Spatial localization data
•••••

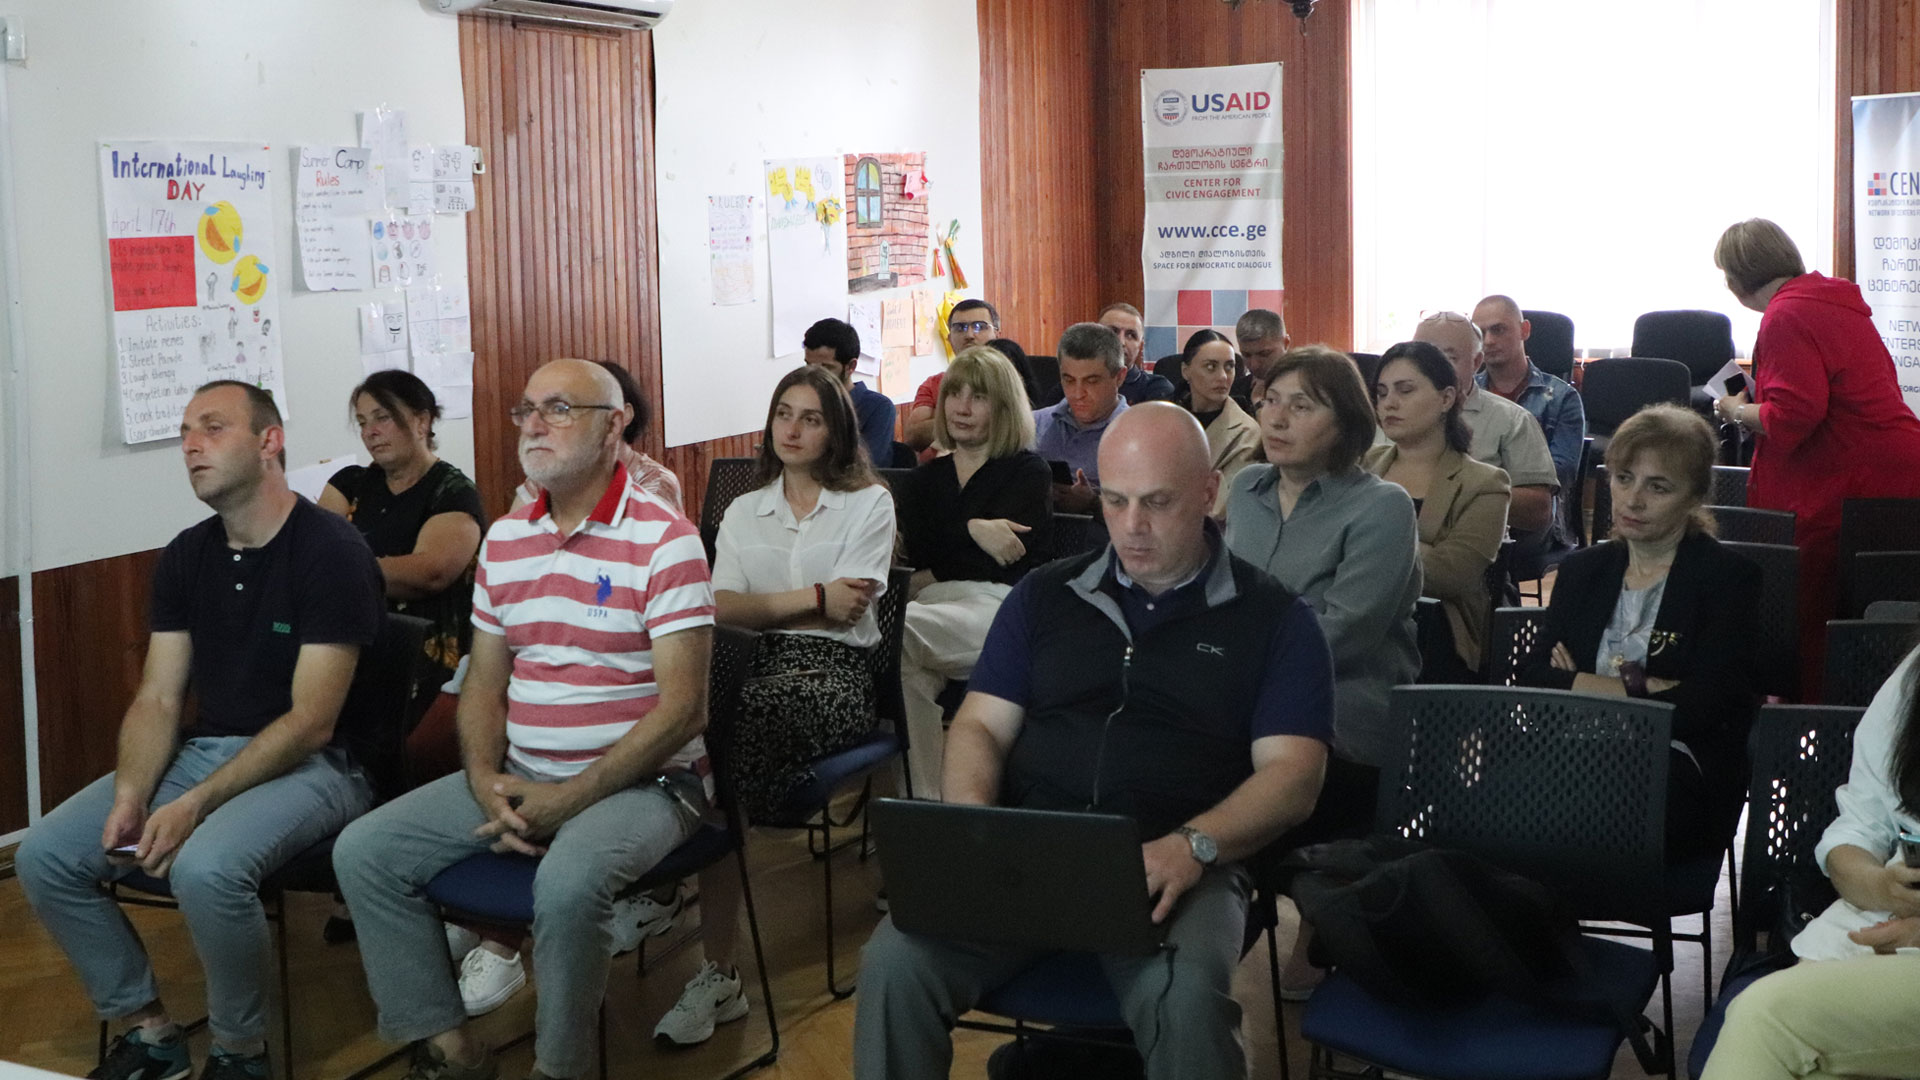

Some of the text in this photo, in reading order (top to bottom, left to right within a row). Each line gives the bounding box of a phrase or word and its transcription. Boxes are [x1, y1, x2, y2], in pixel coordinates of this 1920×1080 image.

[1191, 91, 1271, 113] USAID
[1172, 146, 1253, 158] დემოკრატიული
[112, 150, 266, 190] International Laughing
[1158, 158, 1269, 171] ჩართულობის ცენტრი
[316, 170, 340, 188] Rules
[1183, 178, 1241, 188] CENTER FOR
[1890, 172, 1920, 196] CEN
[167, 179, 206, 200] DAY
[1165, 188, 1261, 200] CIVIC ENGAGEMENT
[1158, 224, 1267, 241] www.cce.ge
[1152, 262, 1175, 270] SPACE
[1176, 262, 1190, 270] FOR
[1882, 258, 1920, 272] ჩართ
[1891, 354, 1920, 368] NGA
[587, 608, 608, 618] USPA
[1196, 642, 1224, 656] CK

•••••

■ **Problem details**:
All of the data above should be quoted exactly, except for the pictures.

■ **Answer below**:
Some of the text in this photo, in reading order (top to bottom, left to right within a row). Each line gives the bounding box of a phrase or word and its transcription. Boxes are [x1, y1, x2, y2], in pixel coordinates of this 1920×1080 image.

[1191, 91, 1271, 113] USAID
[1172, 146, 1253, 158] დემოკრატიული
[112, 150, 266, 190] International Laughing
[1158, 158, 1269, 171] ჩართულობის ცენტრი
[316, 170, 340, 188] Rules
[1183, 178, 1241, 188] CENTER FOR
[1890, 172, 1920, 196] CEN
[167, 179, 206, 200] DAY
[1165, 188, 1261, 200] CIVIC ENGAGEMENT
[1158, 224, 1267, 241] www.cce.ge
[1152, 262, 1175, 270] SPACE
[1176, 262, 1190, 270] FOR
[1882, 258, 1920, 272] ჩართ
[1891, 354, 1920, 368] NGA
[587, 608, 608, 618] USPA
[1196, 642, 1224, 656] CK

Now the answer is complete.